2′,3′-cAMP is a positional isomer of the well-established second messenger 3′,5′-cAMP, but little is known about the biology of this noncanonical cyclic nucleotide monophosphate (cNMP). Toll/interleukin-1 receptor (TIR) domains of nucleotide-binding leucine-rich repeat (NLR) immune receptors have the NADase function necessary but insufficient to activate plant immune responses. Here, we show that plant TIR proteins, besides being NADases, act as 2′,3′-cAMP/cGMP synthetases by hydrolyzing RNA/DNA. Structural data show that a TIR domain adopts distinct oligomers with mutually exclusive NADase and synthetase activity.

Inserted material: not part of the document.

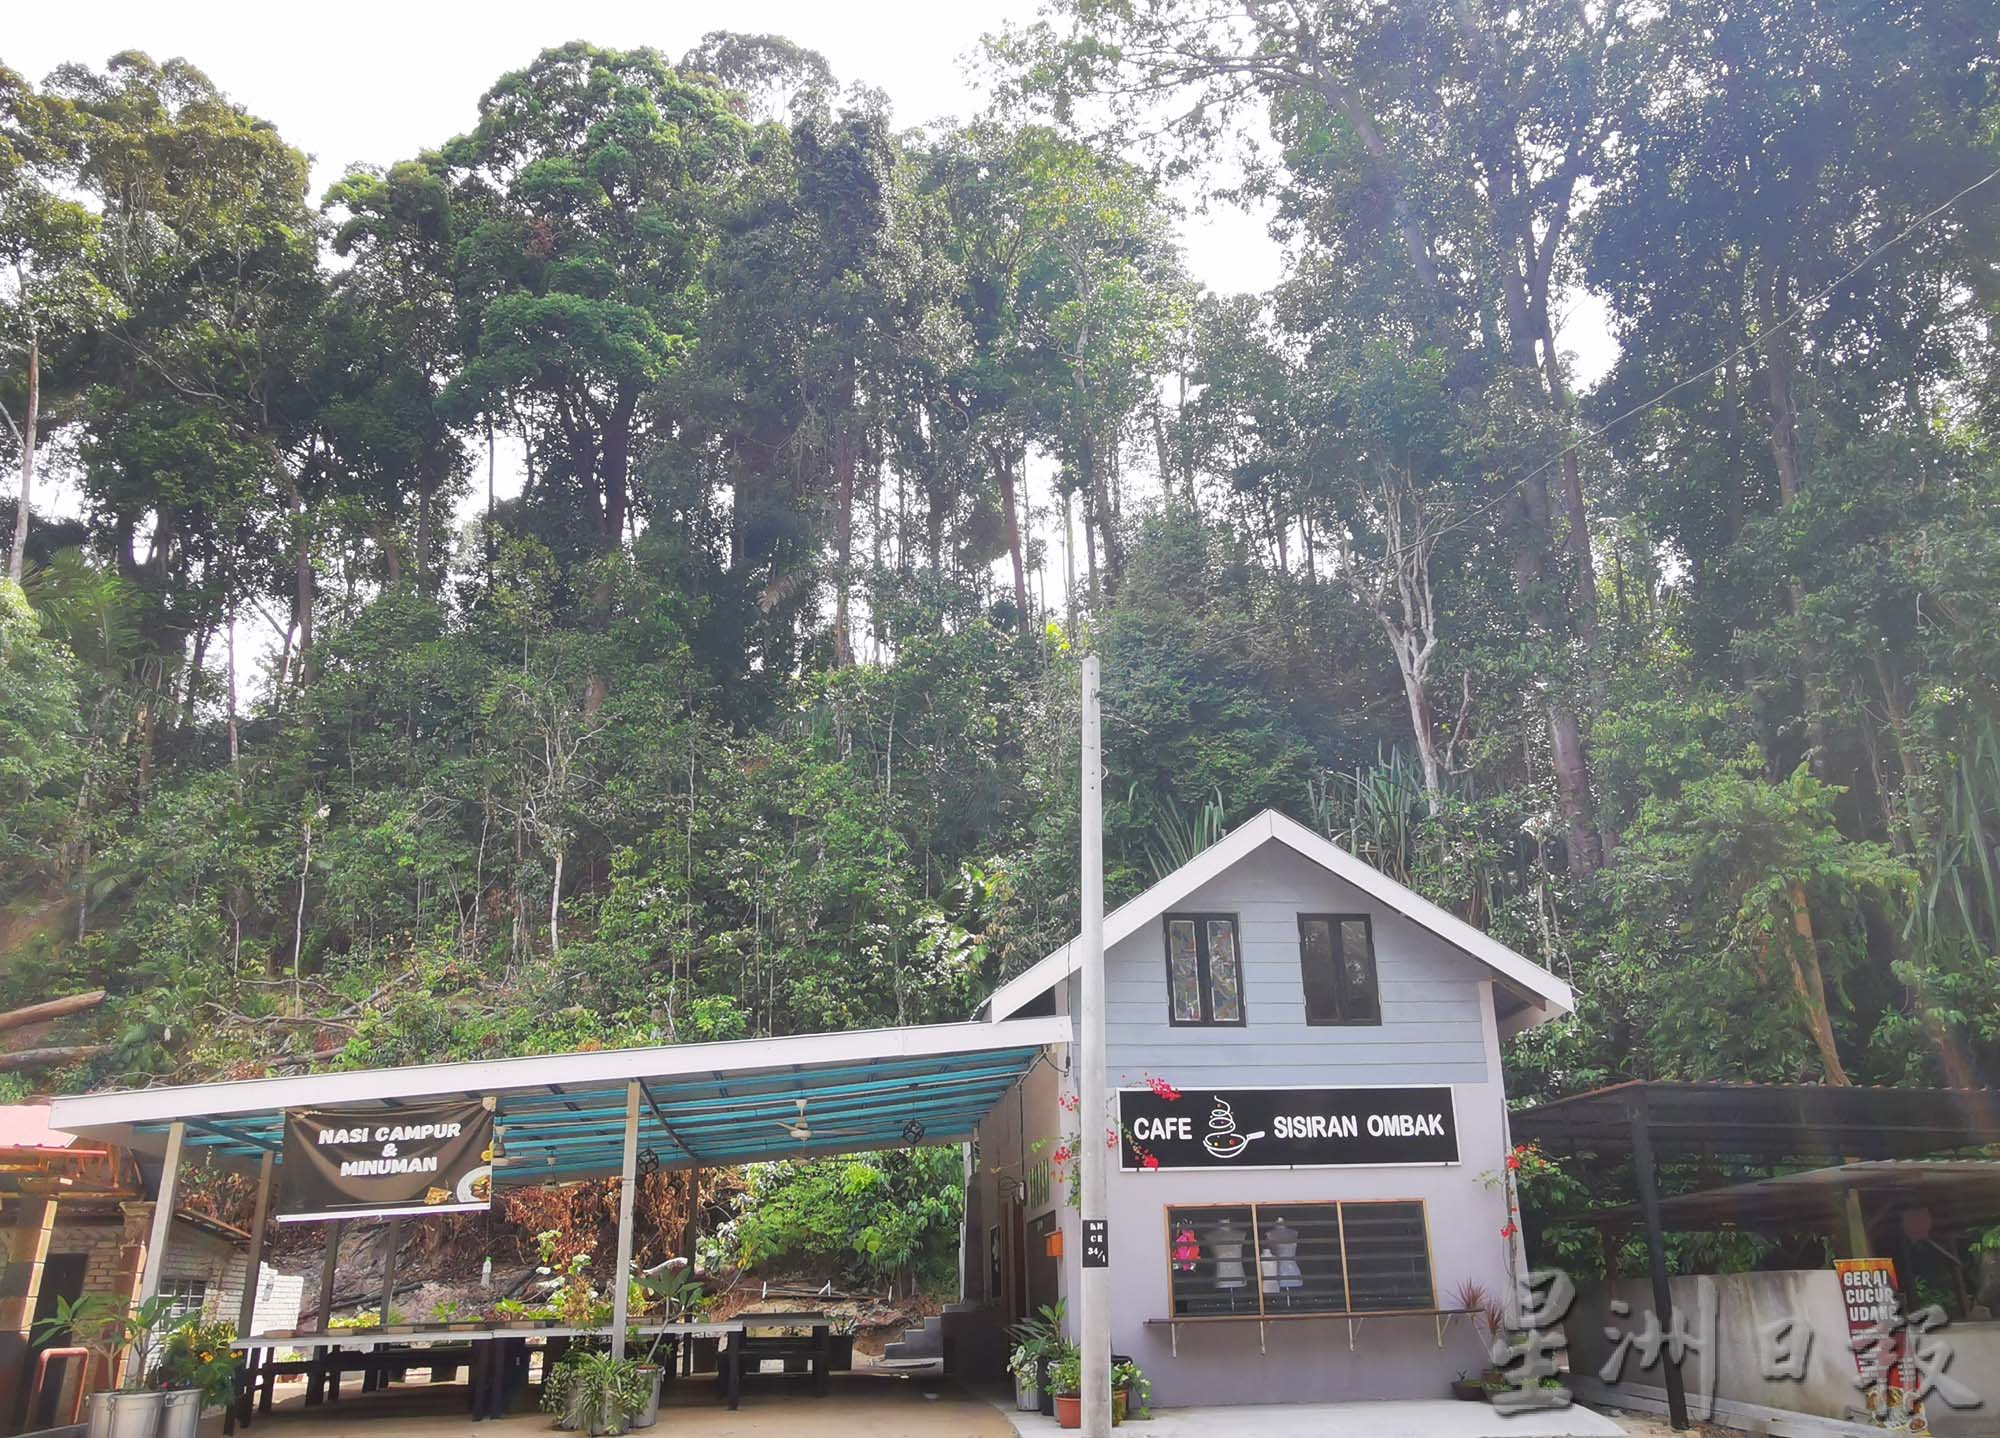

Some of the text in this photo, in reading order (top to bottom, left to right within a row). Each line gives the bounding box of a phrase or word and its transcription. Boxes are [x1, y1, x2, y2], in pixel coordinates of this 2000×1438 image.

Mutations specifically disrupting the synthetase activity abrogate TIR-mediated cell death in Nicotiana benthamiana (Nb), supporting an important role for these cNMPs in TIR signaling. Furthermore, the Arabidopsis negative regulator of TIR-NLR signaling, NUDT7, displays 2′,3′-cAMP/cGMP but not 3′,5′-cAMP/cGMP phosphodiesterase activity and suppresses cell death activity of TIRs in Nb. Our study identifies a family of 2′,3′-cAMP/cGMP synthetases and establishes a critical role for them in plant immune responses. [Display omitted] •Plant TIR proteins act as 2′,3′-cAMP/cGMP synthetases by hydrolyzing dsRNA/dsDNA•Cryo-EM structure reveals the mechanism of plant TIRs as bifunctional enzymes•2′,3′-cAMP/cGMP are required for TIR-mediated cell death in plants•2′,3′-cAMP/cGMP PDE negatively regulate TIR-mediated cell death in plants Plant TIR domain-containing proteins are bifunctional enzymes with NADase and cyclic nucleotide monophosphate synthetase activity. Combinations of these activities may cooperate to control cell death and immune signaling processes in plants.